J Neurosurg 129:220–233, 2018

The pathophysiology of chronic noncommunicating hydrocephalus (ncHC) is poorly understood. This present study explored whether lessons about the pathophysiology of this clinical entity might be retrieved from results of overnight monitoring of pulsatile and static intracranial pressure (ICP) and ventricular infusion testing.

METHODS The study cohort included adult patients (> 20 years of age) with chronic ncHC due to aqueductal stenosis in whom symptoms had lasted a minimum of 6 months. A reference cohort consisted of age- and sex-matched patients managed for communicating HC (cHC).
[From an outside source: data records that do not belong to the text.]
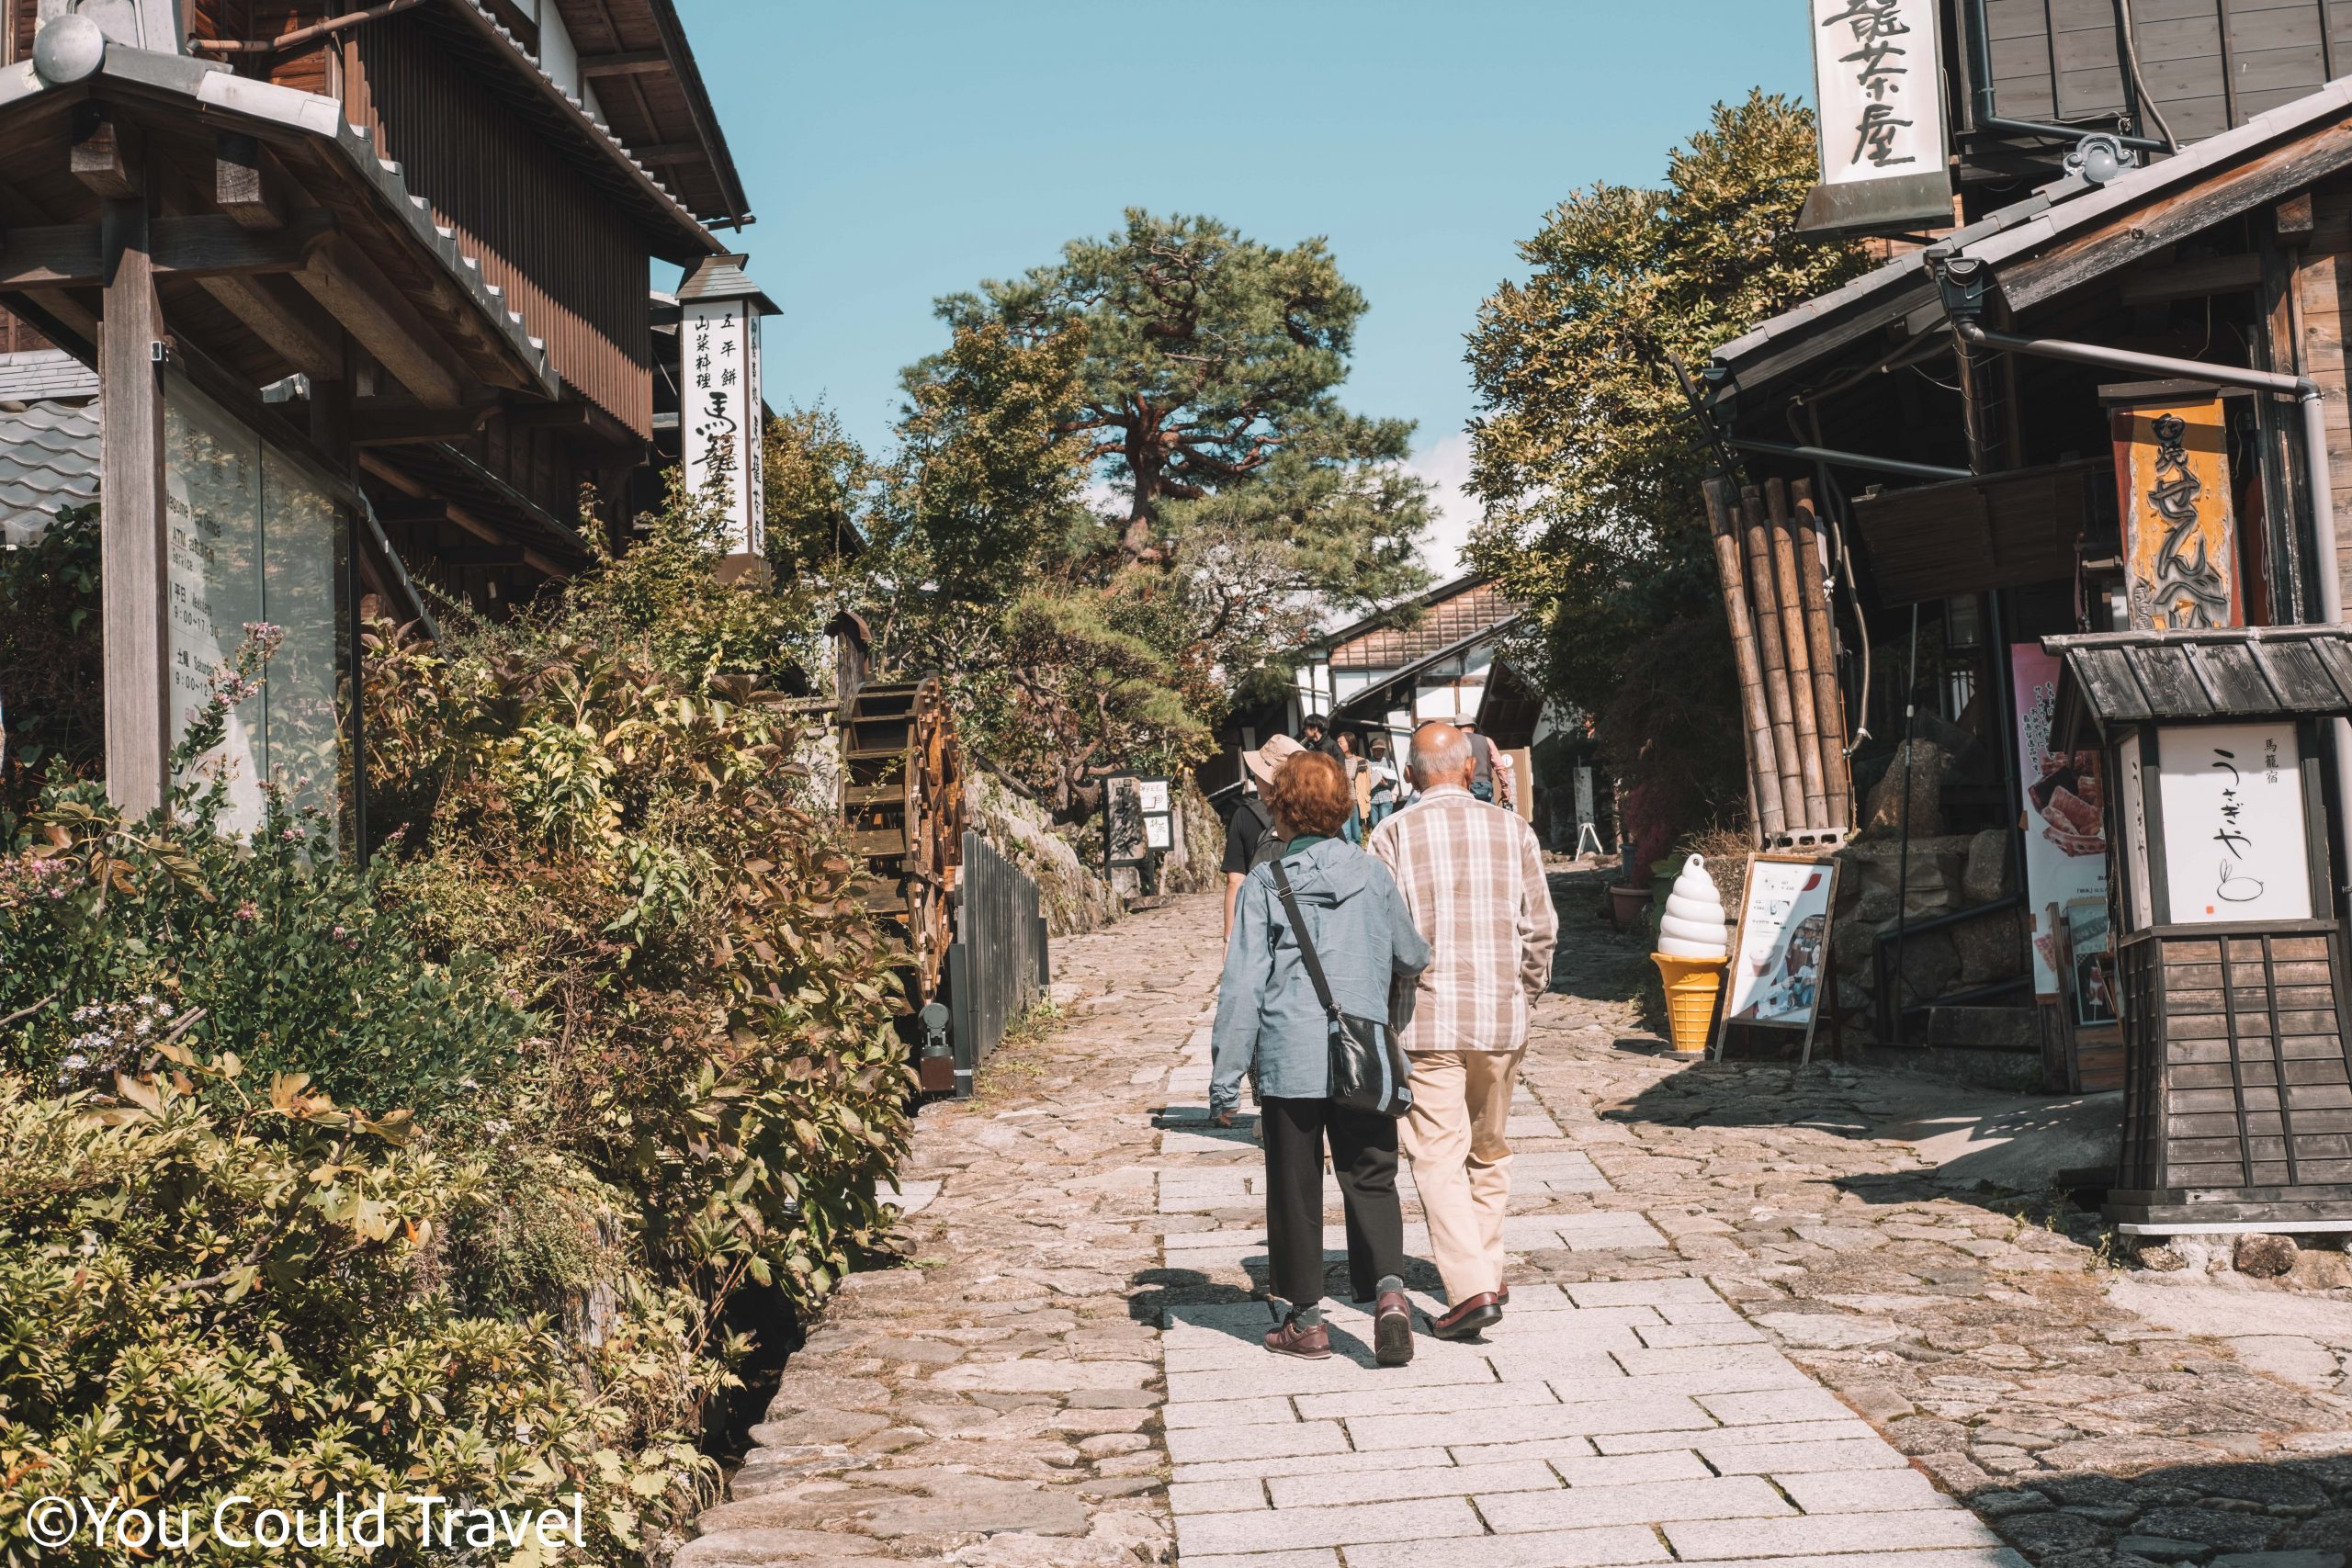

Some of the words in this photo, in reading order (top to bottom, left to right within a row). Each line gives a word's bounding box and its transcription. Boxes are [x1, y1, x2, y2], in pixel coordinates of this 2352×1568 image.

[695, 315, 711, 389] 山菜料理
[720, 313, 738, 387] 五平餅
[173, 526, 186, 547] ATM
[174, 582, 187, 604] 平日
[2264, 739, 2278, 784] 馬籠宿
[2211, 748, 2252, 860] うさぎや
Information about symptoms and clinical improvement following surgery was retrieved from a quality register, and results of overnight ICP recordings and ventricular infusion testing were retrieved from the hospital ICP database.
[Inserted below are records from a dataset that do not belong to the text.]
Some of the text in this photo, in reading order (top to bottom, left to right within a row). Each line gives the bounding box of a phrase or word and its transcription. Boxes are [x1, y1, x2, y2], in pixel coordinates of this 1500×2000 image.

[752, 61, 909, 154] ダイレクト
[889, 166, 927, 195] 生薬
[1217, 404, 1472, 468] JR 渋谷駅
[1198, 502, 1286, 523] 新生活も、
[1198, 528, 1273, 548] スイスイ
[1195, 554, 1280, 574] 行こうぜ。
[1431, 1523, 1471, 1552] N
RESULTS The cohort with ncHC consisted of 61 patients of whom 6 (10%) were managed conservatively, 34 (56%) by endoscopic third ventriculostomy (ETV), and 21 (34%) using ETV and subsequent shunt surgery. In patients responding to surgery, pulsatile ICP (mean ICP wave amplitude) was significantly increased to a similar magnitude in patients with ncHC and the reference cohort (cHC). Furthermore, intracranial compliance (ICC) was reduced in clinical responders. The results of ventricular infusion testing provided evidence that patients responding to ETV have impaired ventricular CSF absorption, while those requiring shunt placement after ETV present with impaired CSF absorption both in the intraventricular and extraventricular compartments.
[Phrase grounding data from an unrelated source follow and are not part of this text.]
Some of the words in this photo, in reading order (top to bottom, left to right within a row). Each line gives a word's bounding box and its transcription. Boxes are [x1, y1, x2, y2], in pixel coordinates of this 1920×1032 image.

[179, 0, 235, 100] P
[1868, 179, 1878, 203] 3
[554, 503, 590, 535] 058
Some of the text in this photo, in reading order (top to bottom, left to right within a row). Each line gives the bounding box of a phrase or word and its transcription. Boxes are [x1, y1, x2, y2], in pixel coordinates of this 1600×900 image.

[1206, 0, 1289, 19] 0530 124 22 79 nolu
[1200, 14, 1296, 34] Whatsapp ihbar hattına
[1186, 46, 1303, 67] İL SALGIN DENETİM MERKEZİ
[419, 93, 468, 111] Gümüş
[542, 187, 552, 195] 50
CONCLUSIONS The study may provide some lessons about the pathophysiology of chronic ncHC. First, increased pulsatile ICP and impaired ICC characterize patients with chronic ncHC who respond clinically to CSF diversion surgery, even though static ICP is not increased. Second, in patients responding clinically to ETV, impaired ventricular CSF absorption may be a key factor. Patients requiring shunt placement for clinical response appear to have both intraventricular and extraventricular CSF absorption failure. A subgroup of patients with ncHC due to aqueductal stenosis has normal ventricular CSF absorption and normal ICC and may not be in need of surgical CSF diversion.